Jay had been excited about a mission’s trip to Trinidad, but he was not prepared for what he found. A house, barely more than 2,000 square feet was home to more than 50 orphans.
Jay worked lots of weekends to make sure he could be gone for this trip. Jay was a large man; tall and well fed. He wasn’t sure that he liked being called “Fat Joe”.
“Hey, Fat Joe, what you do here?” another boy asked.
He realized he needed to get used to the fact that his new nickname was going to stick, “I’m not sure, whatever they need me to do I guess.”

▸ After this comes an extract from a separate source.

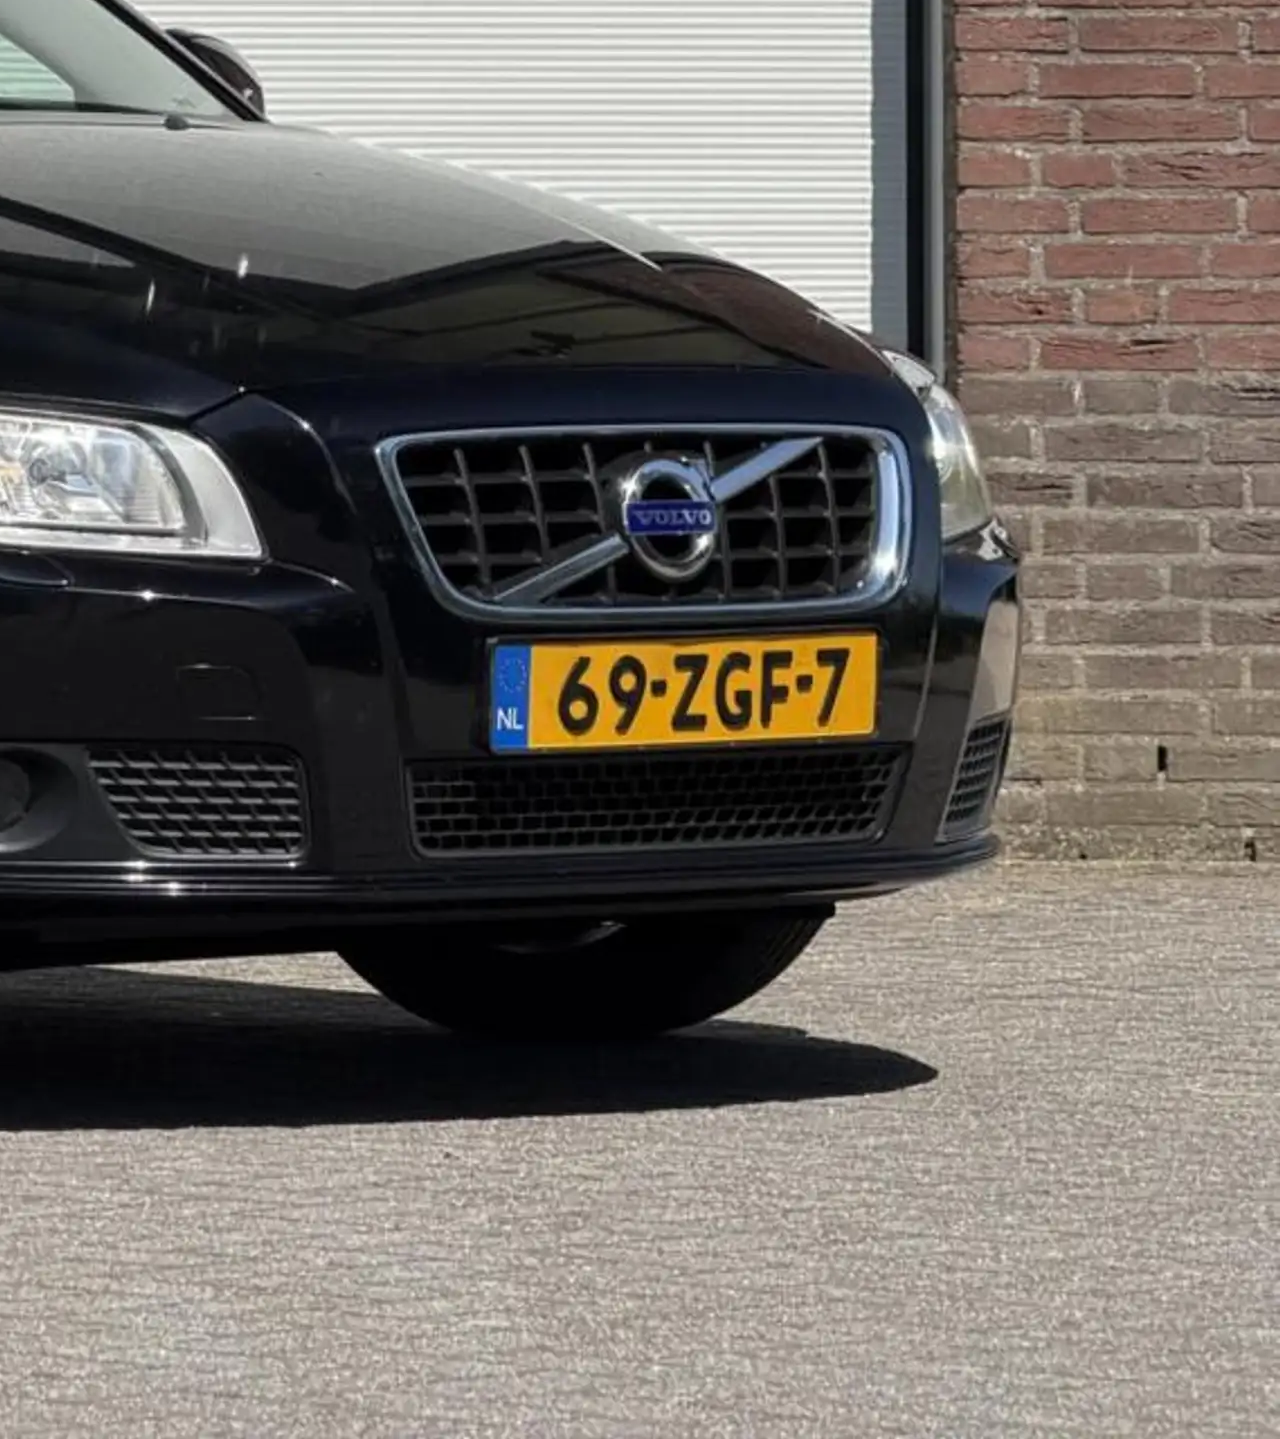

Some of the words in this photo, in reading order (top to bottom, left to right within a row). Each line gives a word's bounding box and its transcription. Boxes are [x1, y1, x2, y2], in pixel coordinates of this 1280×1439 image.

“We got bugs,” one boy said as he held out a large cockroach for Jay to see up close.
“Yes, I noticed,” Jay replied.
“Da girls, dey is cleaning dem up, yes?”
“That’s right,” Jay said with a smile.
“Das good but dey come back.”
“I suppose so,” Jay leaned his arm against one of the bunk beds and heard a crack. He investigated and discovered that the bunks were wooden and severely rotten.
After a brief conference with the other members of his mission team they decided they really needed to purchase metal bunk beds for the boys and remove the rotting frames. There were only two problems, there were no tools and the beds wouldn’t fit through the door.
Jay walked into the room and said, “You boys might want to leave, I’m gonna tear your beds apart. You’re getting new ones.”
The boys howled at the idea, “You gonna tear these beds apart, Fat Joe?”
“Yes!”
Jay wasn’t sure he liked the disbelieving looks on the boy’s faces as they left the room. He sized up the situation and raised his foot and smashed it down on the nearest frame and a satisfying crack followed by splintering wood caused little boys to peak around the door in wide-eyed wonder.
Jay continued to smash the frames into smaller pieces. Sweat began to saturate his shirt and dirt clung to him like paste. He was breaking the last bed apart when a voice piped up from the doorway.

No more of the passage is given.